● Materials provided
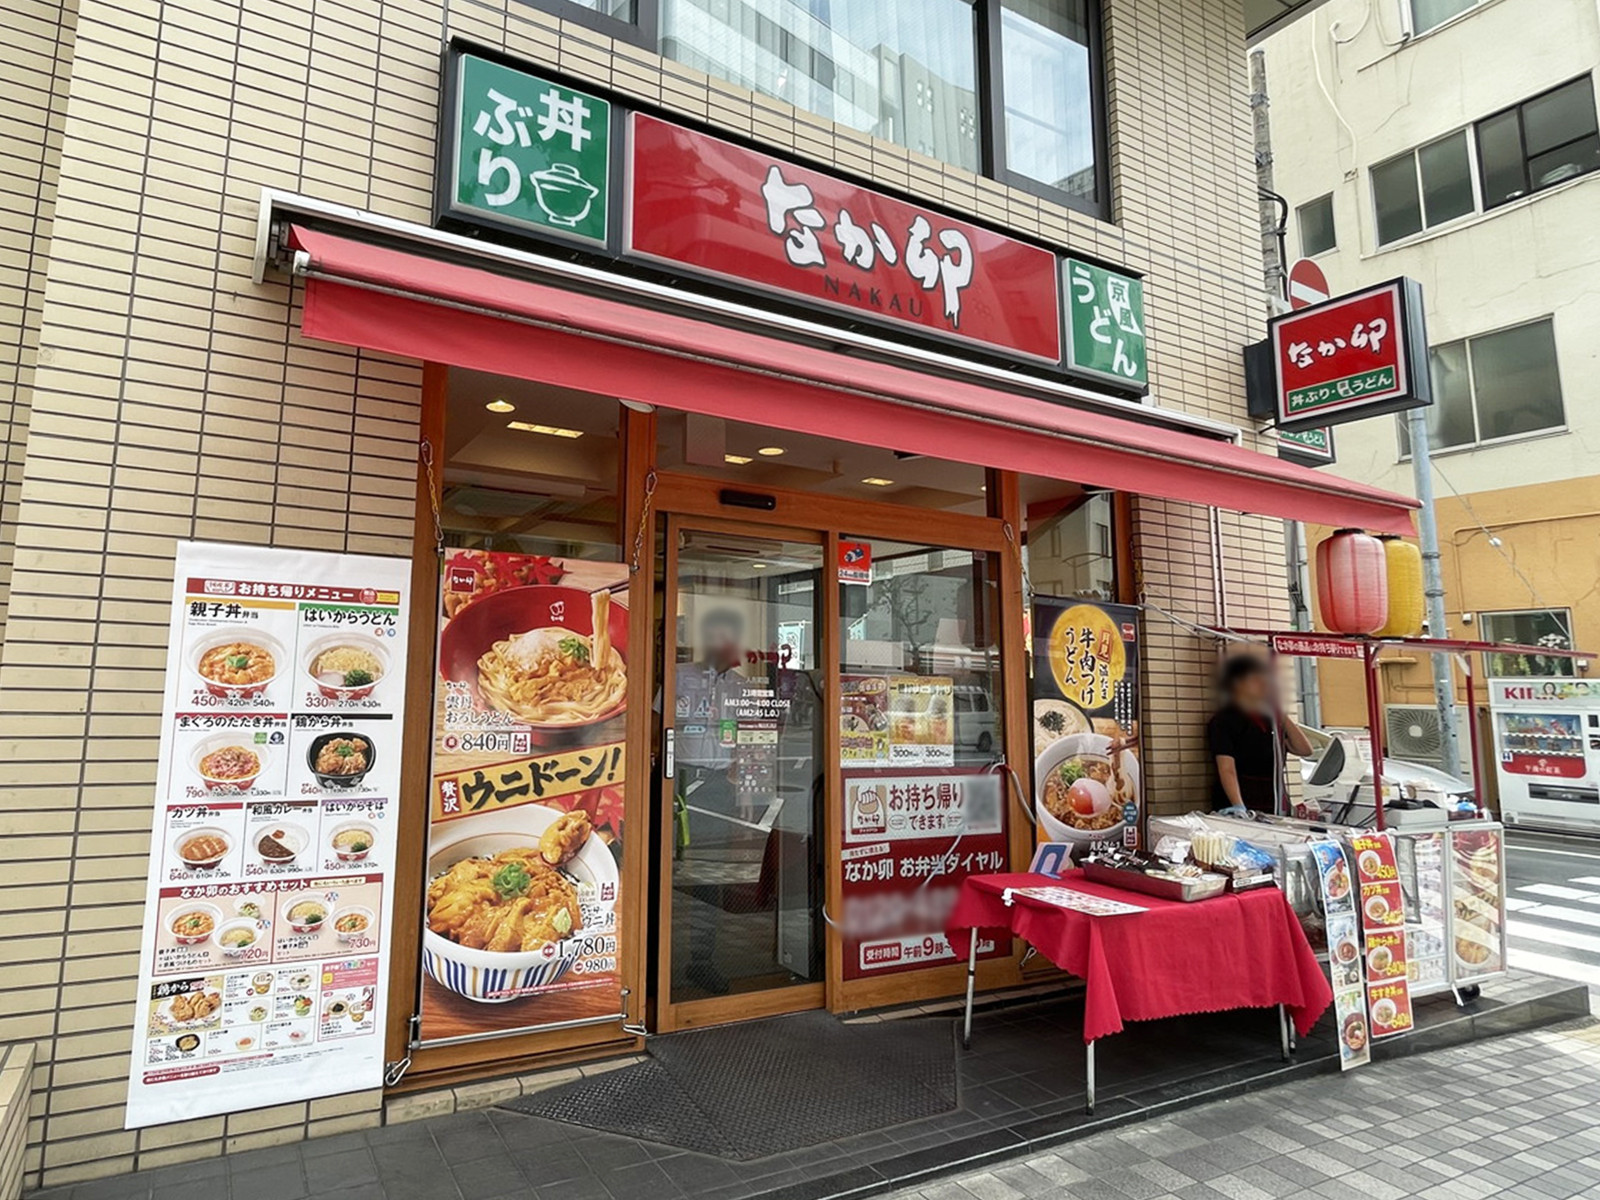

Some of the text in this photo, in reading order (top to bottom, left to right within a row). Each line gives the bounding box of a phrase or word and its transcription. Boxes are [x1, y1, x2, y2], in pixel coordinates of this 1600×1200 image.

[761, 164, 974, 329] なか卯
[823, 273, 924, 317] NAKAU
[1071, 265, 1138, 377] うどん
[1287, 317, 1388, 368] なか卯
[237, 581, 354, 600] お持ち帰りメニュー
[189, 601, 259, 619] 親子丼弁当
[304, 608, 396, 626] はいからうどん
[1065, 627, 1078, 685] うどん
[1079, 628, 1096, 705] 牛肉つけ
[191, 696, 225, 707] 450円
[305, 697, 336, 708] 330円
[770, 699, 791, 708] CLOSE
[446, 711, 514, 724] おろしうどん
[461, 733, 508, 751] 840円
[441, 780, 460, 813] 贅沢
[889, 782, 964, 812] お持ち帰り
[324, 801, 384, 813] はいからそば
[845, 851, 1004, 882] なか卯 お弁当ダイヤル
[179, 880, 308, 899] なか卯のおすすめセット
[558, 936, 615, 958] 1,780円
[866, 946, 900, 961] 受付時間

● Work instruction
In the answer, the entries should be restated verbatim, with all pictures omitted.

● Solution to this problem
Some of the text in this photo, in reading order (top to bottom, left to right within a row). Each line gives the bounding box of a phrase or word and its transcription. Boxes are [x1, y1, x2, y2], in pixel coordinates of this 1600×1200 image.

[761, 164, 974, 329] なか卯
[823, 273, 924, 317] NAKAU
[1071, 265, 1138, 377] うどん
[1287, 317, 1388, 368] なか卯
[237, 581, 354, 600] お持ち帰りメニュー
[189, 601, 259, 619] 親子丼弁当
[304, 608, 396, 626] はいからうどん
[1065, 627, 1078, 685] うどん
[1079, 628, 1096, 705] 牛肉つけ
[191, 696, 225, 707] 450円
[305, 697, 336, 708] 330円
[770, 699, 791, 708] CLOSE
[446, 711, 514, 724] おろしうどん
[461, 733, 508, 751] 840円
[441, 780, 460, 813] 贅沢
[889, 782, 964, 812] お持ち帰り
[324, 801, 384, 813] はいからそば
[845, 851, 1004, 882] なか卯 お弁当ダイヤル
[179, 880, 308, 899] なか卯のおすすめセット
[558, 936, 615, 958] 1,780円
[866, 946, 900, 961] 受付時間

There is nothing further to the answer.